Leak Investigation Could Force Out Karl Rove
Adviser Has Been President Bush's Right-Hand Man for Years
By NEDRA PICKLER, AP

WASHINGTON (Oct. 12) - Karl Rove's fingerprints are all over everything at the White House, from politics to policy to the shape of President Bush's entire career in government.

It's hard to imagine Bush without Rove, and vice versa. But the question of what would happen if Rove were forced to resign is something to contemplate, now that the grand jury is pressing the president's aide-de-camp in its investigation into who leaked the identity of a covert CIA officer.

White House insiders speaking privately say Rove would be irreplaceable. While Bush has a few other close confidants in aides like chief of staff Andy Card and counselor Dan Bartlett, none combine such an intimate working knowledge of politics and policy with such a long trusted relationship with the president.

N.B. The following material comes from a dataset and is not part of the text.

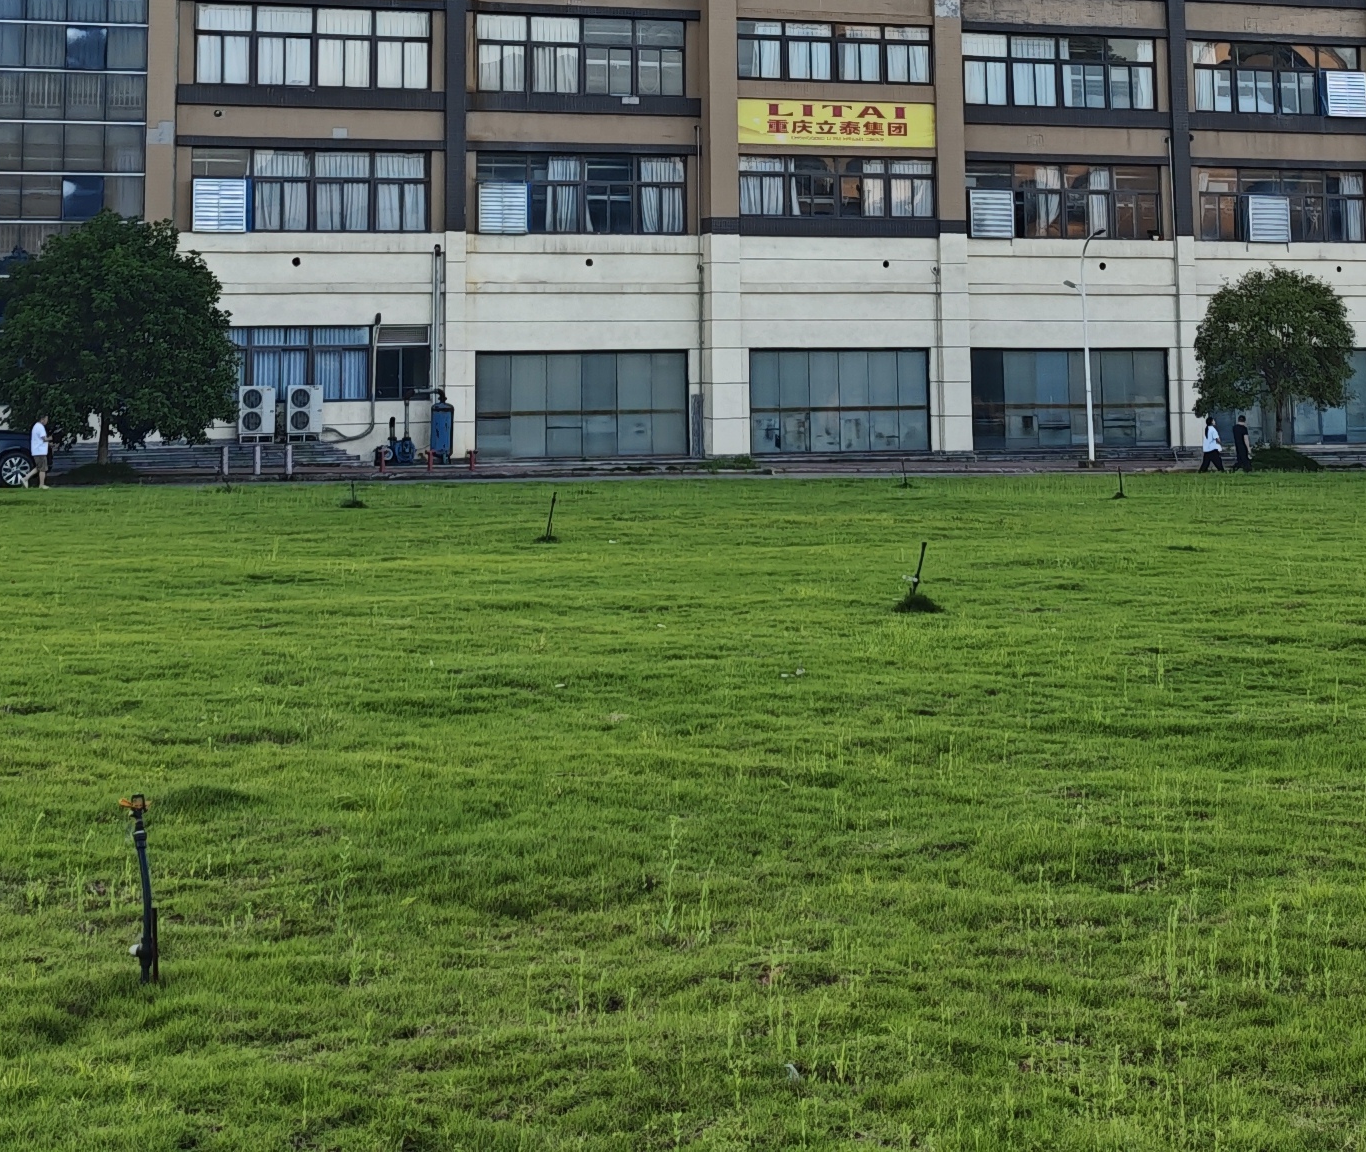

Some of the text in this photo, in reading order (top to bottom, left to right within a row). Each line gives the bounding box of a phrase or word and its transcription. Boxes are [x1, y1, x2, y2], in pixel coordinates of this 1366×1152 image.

[766, 103, 906, 119] LITAI
[767, 119, 907, 136] 重庆立泰集团

The two have been working together since the 1970s, when Rove was helping lay the groundwork for the Bush's father to win the presidency and trying to get the younger Bush elected to Congress.

George W. Bush lost, but it was his last failed campaign. With Rove as his political strategist, Bush won two Texas gubernatorial races and two terms in the White House.

Stephen Hess, a presidential scholar and political analyst at the Brookings Institution, said that it might appear to many outsiders that Bush would have a hard time getting along without his trusted aide. But Bush would manage, Hess said, just as some other presidents in the past have under similar circumstances.

Richard Nixon's aides H.R. Haldeman and John Ehrlichman left amid the Watergate scandal. Jimmy Carter accepted the resignation of budget director Bert Lance amid allegations of financial irregularities at two banks where the adviser previously worked. George H.W. Bush lost chief of staff John Sununu after it surfaced that he was using government airplanes for personal trips. President Eisenhower's senior aide, Sherman Adams, left after accepting a fur coat and an oriental rug from a man with business before the federal government.

"People said it would be very hard for Eisenhower to get along without Sherman Adams, but he did," said Hess, a former Eisenhower speechwriter. "We quickly realized that it was Eisenhower who was running the administration all along."

Rove has already testified three times in the probe into whether an administration official deliberately leaked the identity of covert CIA operative Valerie Plame, whose husband is an administration critic. Rove has agreed to testify again, possibly this week, and prosecutors have told him they can no longer assure him he'll escape indictment.

Knowingly revealing the identity of a covert agent is a federal crime.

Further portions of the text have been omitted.